È un Beppe Arnone deciso a dare battaglia dopo una detenzione di quattro giorni disposta dal Gip di Agrigento Francesco Provenzano, su richiesta dei sostituti procuratori Carlo Cinque e Alessandro Macaluso. Una detenzione stigmatizzata dal Tribunale del Riesame di Palermo (di cui tre giorni fa sono uscite le motivazioni) che ha annullato l’ordine di custodia cautelare in carcere per una estorsione che, secondo i giudici del capoluogo siciliano, il leader ambientalista non ha commesso. Per la Procura e il Gip, invece, l’avvocato penalista avrebbe estorto del danaro ad una collega, mentre la polizia, appostata a pochi metri, lo avrebbe colto in flagrante.
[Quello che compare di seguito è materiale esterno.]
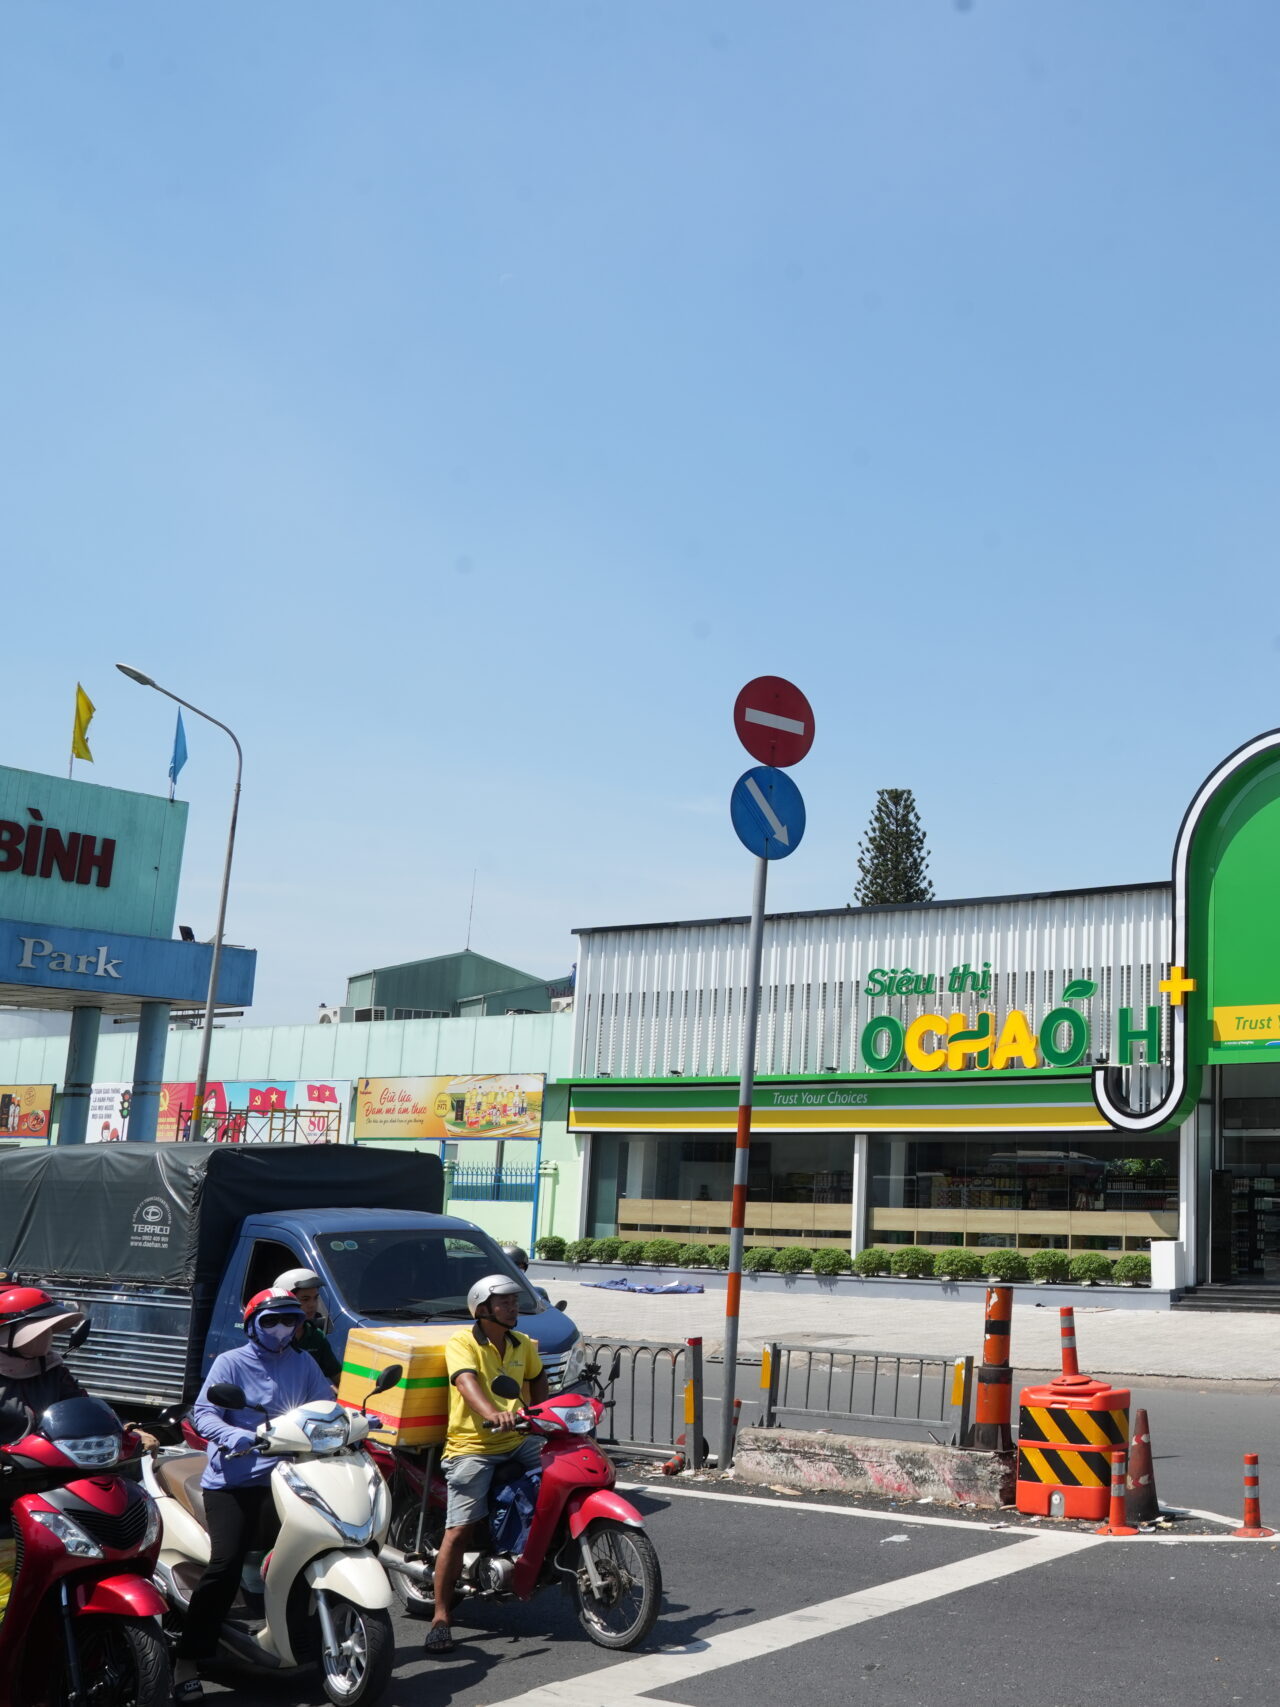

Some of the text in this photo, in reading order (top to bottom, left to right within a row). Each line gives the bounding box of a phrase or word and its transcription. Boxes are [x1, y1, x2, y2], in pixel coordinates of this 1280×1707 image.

Conclusione: “Il reato di estorsione”, secondo il Riesame, “non c’è”. Arnone è stato scarcerato.

“E’ avvenuto – dice l’ex consigliere comunale di Agrigento – quello che secondo le leggi di uno Stato democratico sarebbe dovuto avvenire. Adesso cercherò di verificare alcuni indizi molto corposi per stabilire se chi ha operato contro di me all’interno del Palazzo di giustizia ha violato le leggi”.

Come si ricorderà, il 12 novembre scorso Arnone è stato arrestato con l’accusa di avere intascato un assegno di 14mila Euro, “la prima di due rate – a parere della Procura e del Gip – di una tangente di 50mila Euro che l’ambientalista avrebbe chiesto alla collega Francesca Picone per non alzare clamore mediatico su una pregressa vicenda giudiziaria”.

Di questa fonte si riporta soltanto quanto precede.